» **TASK**
Please make sure what you return matches the listing below exactly, minus its pictures.

» **PROVIDED RECORDS**
Segment Open
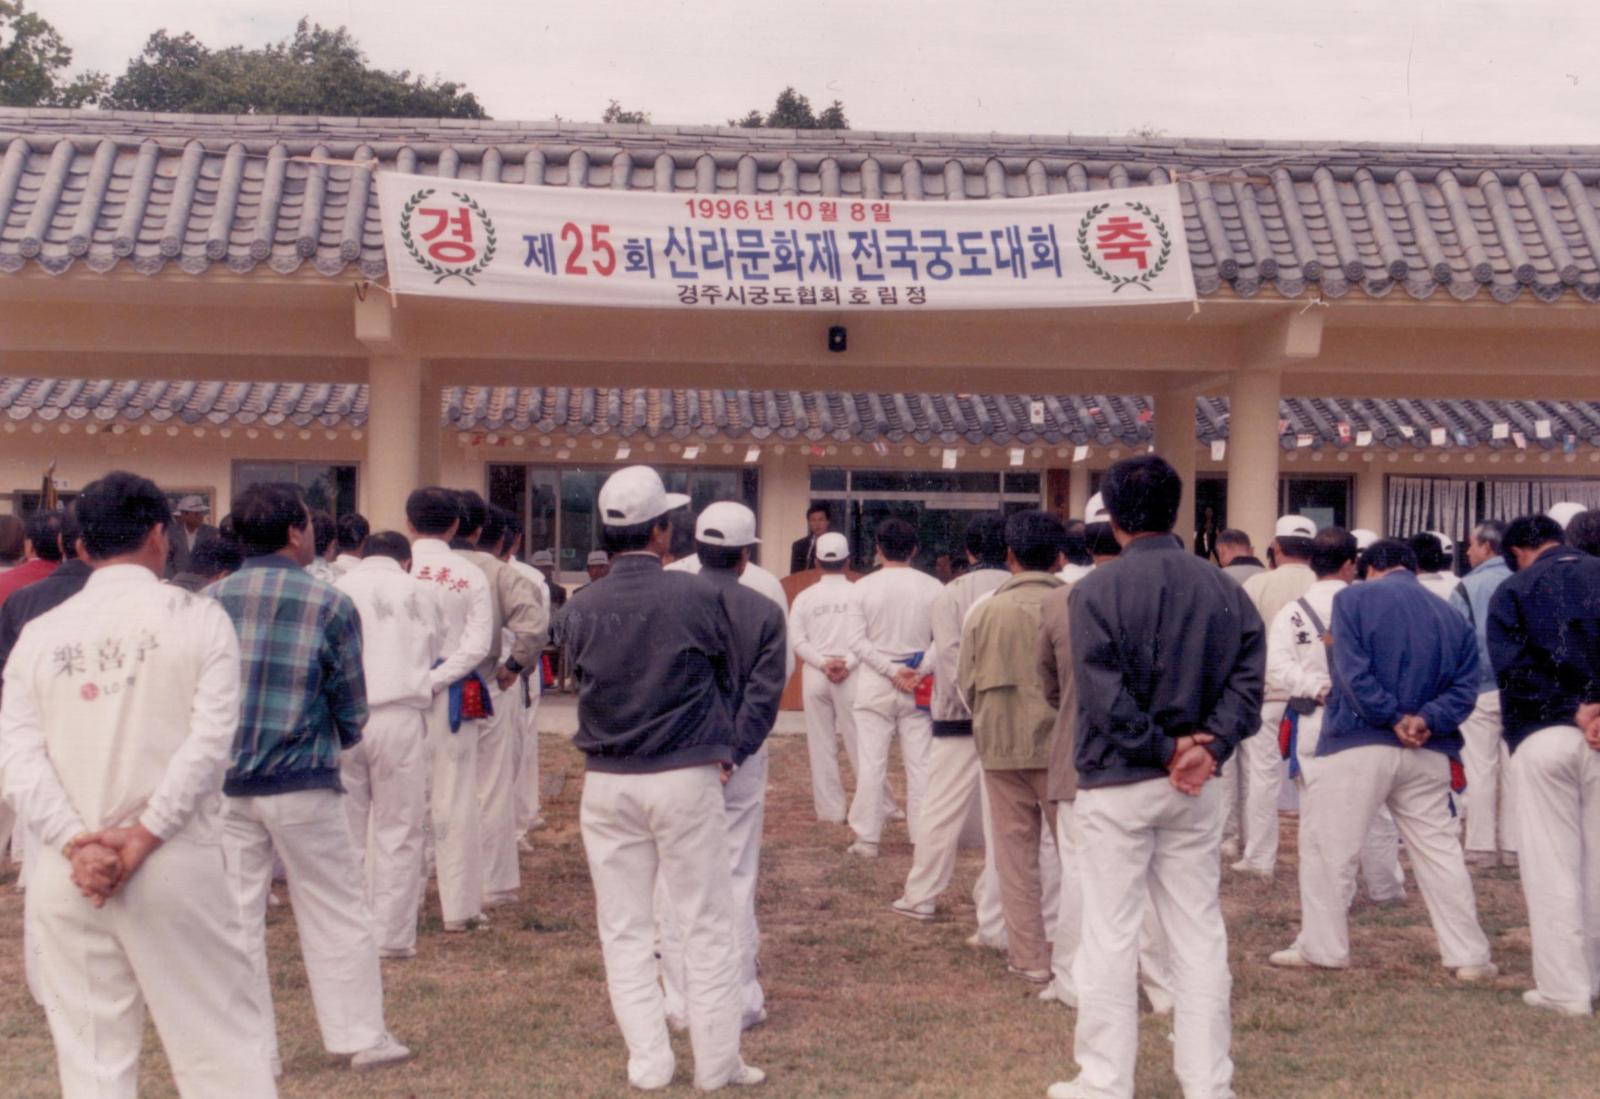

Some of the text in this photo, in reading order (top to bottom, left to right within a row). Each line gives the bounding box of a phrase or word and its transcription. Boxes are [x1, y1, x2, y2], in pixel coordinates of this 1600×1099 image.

[417, 207, 477, 264] 경
[685, 198, 892, 223] 1996년 10월 8일
[522, 222, 1063, 282] 제25회 신라문화제 전국궁도대회
[1096, 216, 1153, 270] 축
[848, 285, 928, 305] 호림정
Segment Closed
» **RESULT BELOW**
Some of the text in this photo, in reading order (top to bottom, left to right within a row). Each line gives the bounding box of a phrase or word and its transcription. Boxes are [x1, y1, x2, y2], in pixel coordinates of this 1600×1099 image.

[417, 207, 477, 264] 경
[685, 198, 892, 223] 1996년 10월 8일
[522, 222, 1063, 282] 제25회 신라문화제 전국궁도대회
[1096, 216, 1153, 270] 축
[848, 285, 928, 305] 호림정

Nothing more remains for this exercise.